Gustatory Hallucination: It is the perception of taste without a stimulus. These
hallucinations, which are typically strange or unpleasant, are relatively common
among individuals who have certain types of focal epilepsy, especially temporal
lobe epilepsy.
21. Symptoms
Person may watch movement in peripheral vision or
audible range dim sounds. Like auditory hallucinations,
the source of the visual matching part can also be after
the patient's back.
They may have feeling of being looked or stared at,
usually with malicious intent.
Often, auditory hallucinations and their graphic
counterpart are felt by the patient together.
22. ILLUSION
The term illusion refers to a specific form of sensory
distortion.
Unlike a hallucination, which is a distortion in the
absence of a stimulus, an illusion describes a
misinterpretation of a true sensation.
For example, hearing voices regardless of the
environment would be a hallucination, whereas hearing
voices in the sound of running water (or other auditory
source) would be an illusion.
23. Classification
Optical Illusion: An optical illusion is identified by visually seen images that are
not true or misguiding.
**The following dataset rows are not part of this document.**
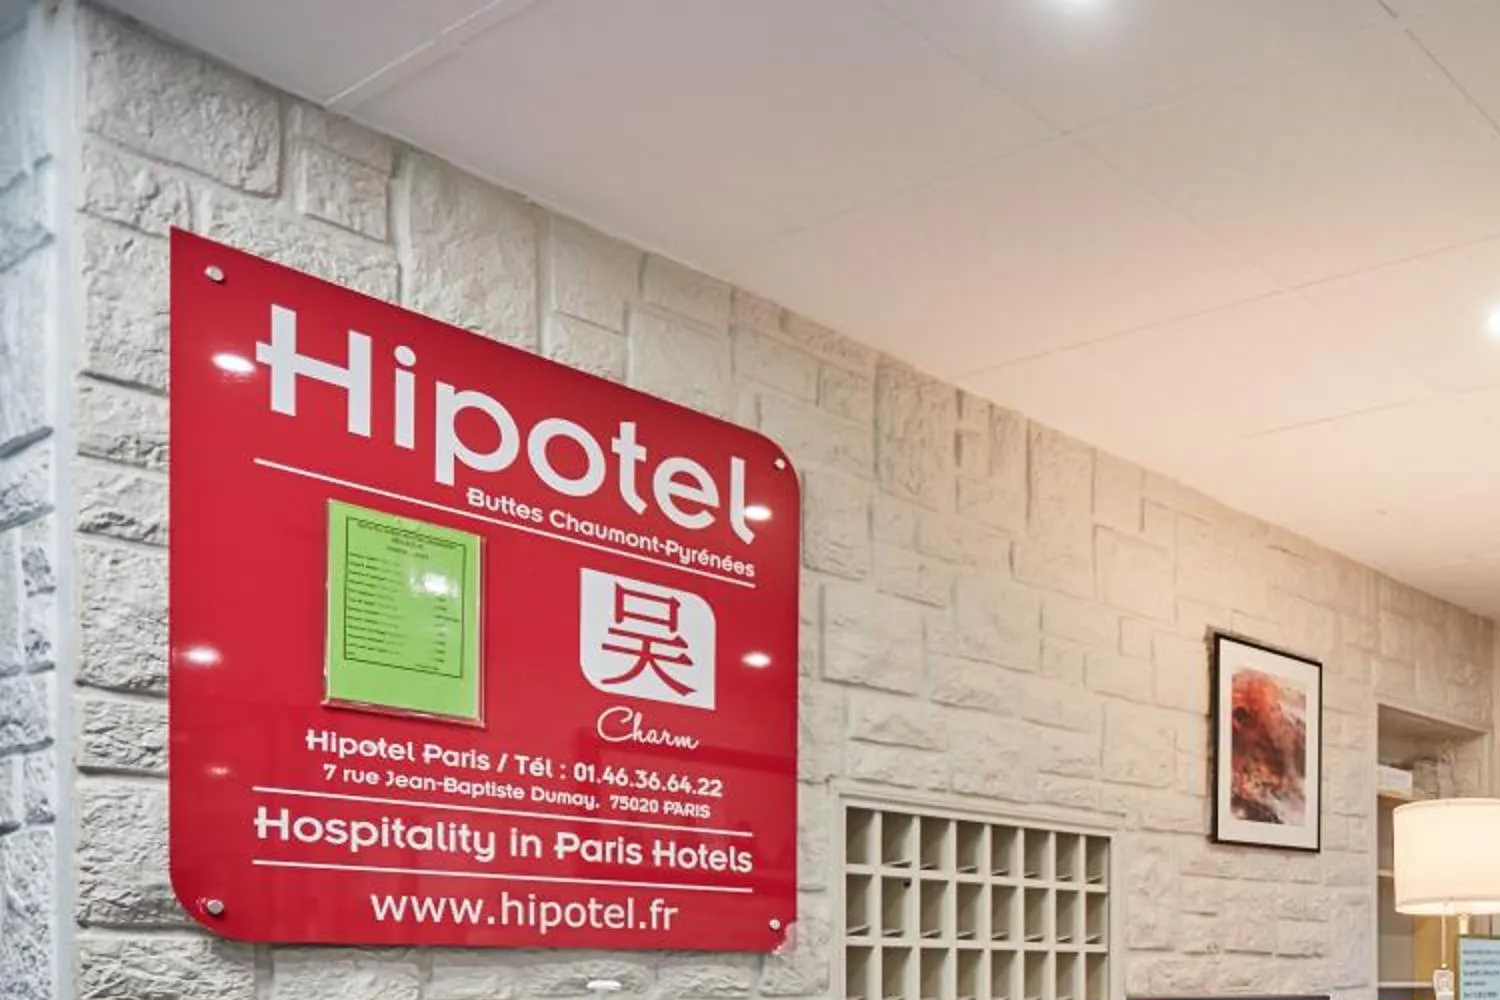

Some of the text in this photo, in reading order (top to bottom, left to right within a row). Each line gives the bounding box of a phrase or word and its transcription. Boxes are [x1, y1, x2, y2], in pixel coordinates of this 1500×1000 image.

[255, 303, 773, 545] Hipotel
[466, 487, 756, 578] Buttes Chaumont-Pyrénées
[596, 705, 700, 749] Charm
[305, 728, 416, 762] Hipotel
[422, 743, 491, 771] Paris
[513, 754, 554, 779] Tél
[573, 762, 723, 798] 01.46.36.64.22
[323, 763, 337, 781] 7
[343, 768, 380, 785] rue
[385, 770, 526, 800] Jean-Baptiste
[609, 794, 660, 814] 75020
[662, 800, 711, 820] PARIS
[253, 806, 753, 873] Hospitality in Paris Hotels
[370, 891, 679, 935] www.hipotel.fr
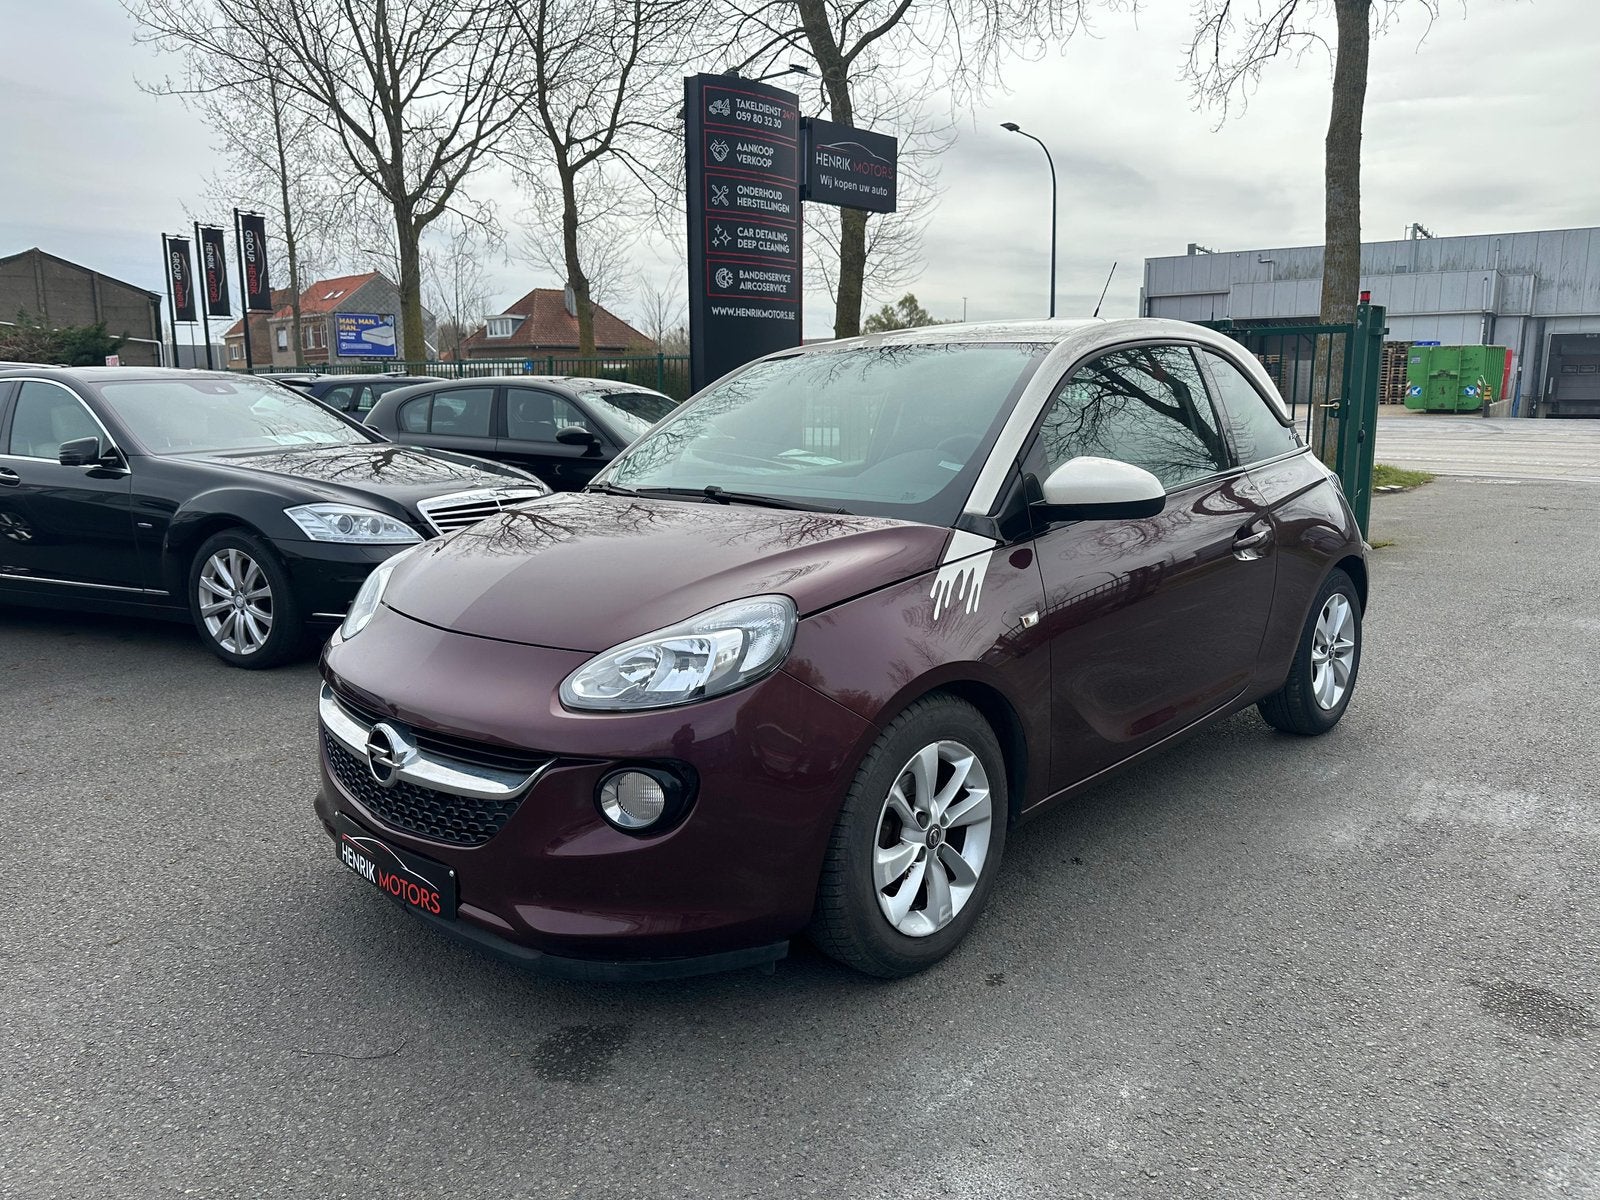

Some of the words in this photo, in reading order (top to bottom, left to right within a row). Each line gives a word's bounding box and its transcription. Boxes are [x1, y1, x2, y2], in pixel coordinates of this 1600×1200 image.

[736, 98, 781, 117] TAKELDIENST
[736, 111, 751, 121] 059
[753, 114, 762, 123] 80
[764, 116, 772, 126] 32
[774, 119, 782, 128] 30
[736, 142, 774, 156] AANKOOP
[736, 154, 772, 167] VERKOOP
[816, 152, 850, 171] HENRIK
[853, 162, 893, 179] MOTORS
[737, 185, 782, 200] ONDERHOUD
[820, 174, 832, 188] Wij
[835, 177, 857, 190] kopen
[860, 184, 870, 192] uw
[872, 186, 888, 196] auto
[737, 197, 790, 213] HERSTELLINGEN
[737, 227, 754, 237] CAR
[756, 229, 788, 242] DETAILING
[245, 230, 255, 262] GROUP
[738, 239, 757, 248] DEEP
[758, 241, 790, 253] CLEANING
[205, 242, 215, 269] HENRIK
[172, 252, 182, 280] GROUP
[248, 264, 257, 294] HENRIK
[739, 270, 791, 283] BANDENSERVICE
[208, 271, 217, 303] MOTORS
[739, 282, 787, 293] AIRCOSERVICE
[712, 307, 795, 320] WWW.HENRIKMOTORS.BE
[341, 842, 376, 883] HENRIK
[379, 868, 440, 914] MOTORS
Thus, the information collected by the eye is evaluated by
the brain to give, on the face of it, a percept that does not match with a physical
measurement of the stimulus source. The human brain forms a world within our
head according to what it samples from the surrounding environment
Auditory Illusion: An auditory illusion is an illusion of listening, the sound equal
to an optical illusion: the listener hears either sounds which does not exist in the
stimulus, or "impossible" sounds.
Tactile Illusion: Tactile illusions are illusions that exploit the feeling of touch.
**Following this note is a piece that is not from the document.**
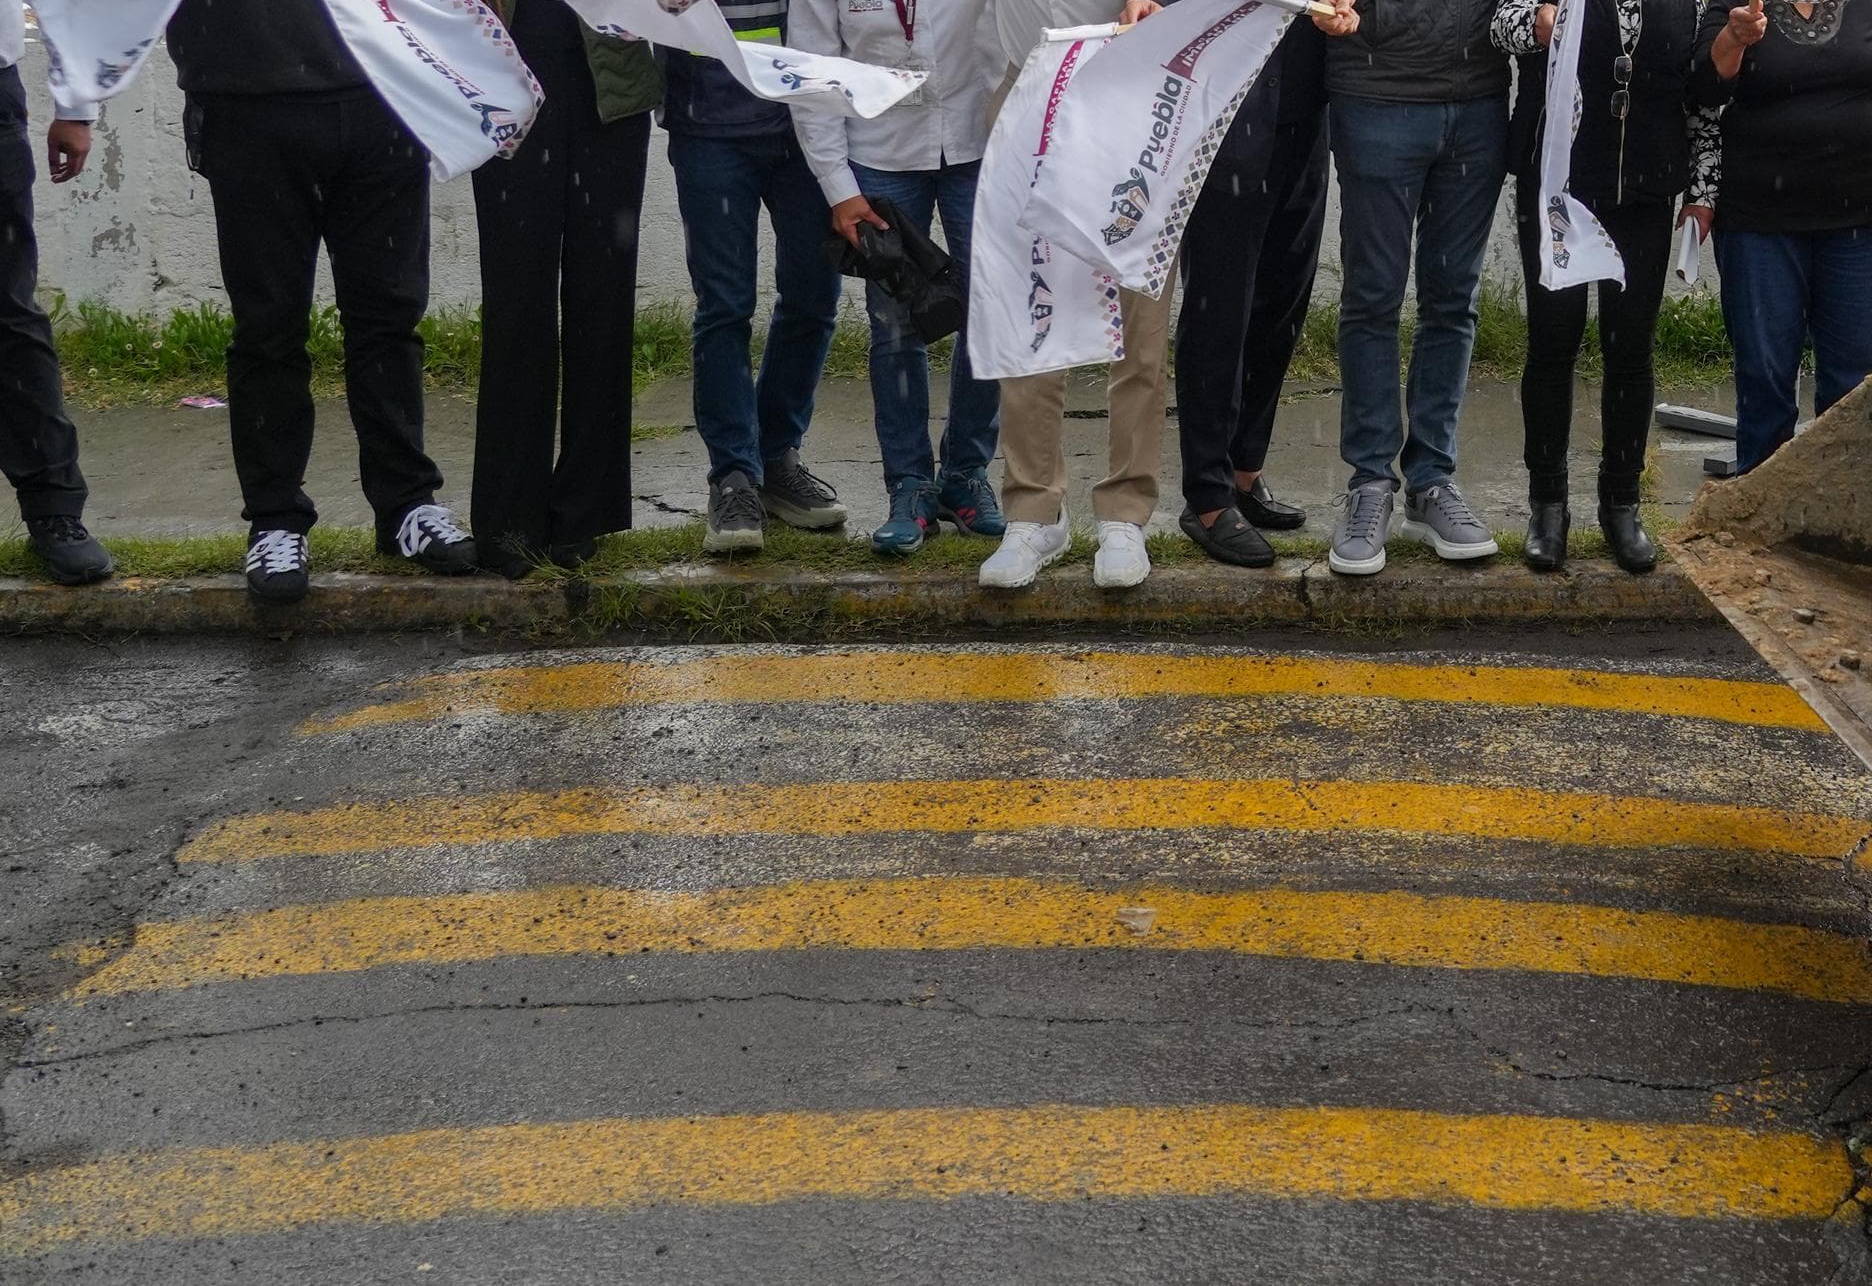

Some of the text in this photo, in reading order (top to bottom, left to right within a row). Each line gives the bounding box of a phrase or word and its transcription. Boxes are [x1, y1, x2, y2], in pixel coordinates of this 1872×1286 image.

[396, 25, 481, 99] Puebla
[1138, 75, 1183, 173] Puebla
[1160, 84, 1192, 176] GOBIERNO DE LA CIUDAD
One of the best known tactile illusions is the cutaneous rabbit illusion, in which a
sequence of taps at two separated skin locations results in the perception that
intervening skin area were also tapped
24. Symptoms
Though illusions distort reality, they are generally shared
by most people.
Illusions may occur with any of the human senses, but
visual illusions (optical illusions) are the most well-
known and understood.
The emphasis on visual illusions occurs because vision
often dominates the other senses.
25. NEUROSIS
Neurosis is a class of functional mental disorders
including distress on the other hand neither delusions nor
hallucinations, whereby behaviour is not outside socially
acceptable norms.
Thus the contact with the reality is not lost. It is also
called as psychoneurosis or neurotic disorder, and thus
those undergoing from it are called to be neurotic.
27. Symptoms
Nervousness
Sadness or depression
Irritability
Mental confusion
Low feeling of self-worth
phobic avoidance,
obsessive acts
tiredness
unpleasant or troubling views
repetition of opinions and fascination
habitual fantasizing
28. PSYCHOSIS
The term Psychosis is originally derived from the Greek
words ‘psyche’ meaning ‘mind/soul’ and ‘-osis’ meaning
‘abnormal condition or derangement’ refers to an
abnormal condition of the mind.
It is a nonspecific psychiatric term for a mental condition
frequently defined as comprising a "loss of contact with
reality".
Individuals suffering from psychosis are described as
psychotic.
30. PSYCHOPATHY
Psychopathy or sociopathy is usually well-defined as a
personality disorder categorized by enduring antisocial
behaviour, diminished empathy and disinhibited or bold
behaviour.
31. STUPOR
Stupor is defined as the lack of serious cognitive function
and level of consciousness in which a subject is almost
completely unresponsive and only reacts to base stimuli
such as pain.
32. Symptoms
Stiff and silent and only looks to be aware as the eyes are
open and follow nearby objects.
Being recognized by injuries of reactions to external
stimuli, it is generally seen in infectious diseases,
complicated toxic states, severe hypothermia, mental
illnesses (e.g. schizophrenia, severe clinical depression)
and so on.
33. Common Disorders
responsible for Crime
• Kleptomania- Irresistible desire to steal articles of little
value.
• Pyromania- Irresistible desire to set fire to things.
• Dipsomania- Irresistible desire to use alcoholic drinks.
• Multilomania- Irresistible desire to mutilate animals.
• Trichotilomania- Irresistible desire to pull out own hair.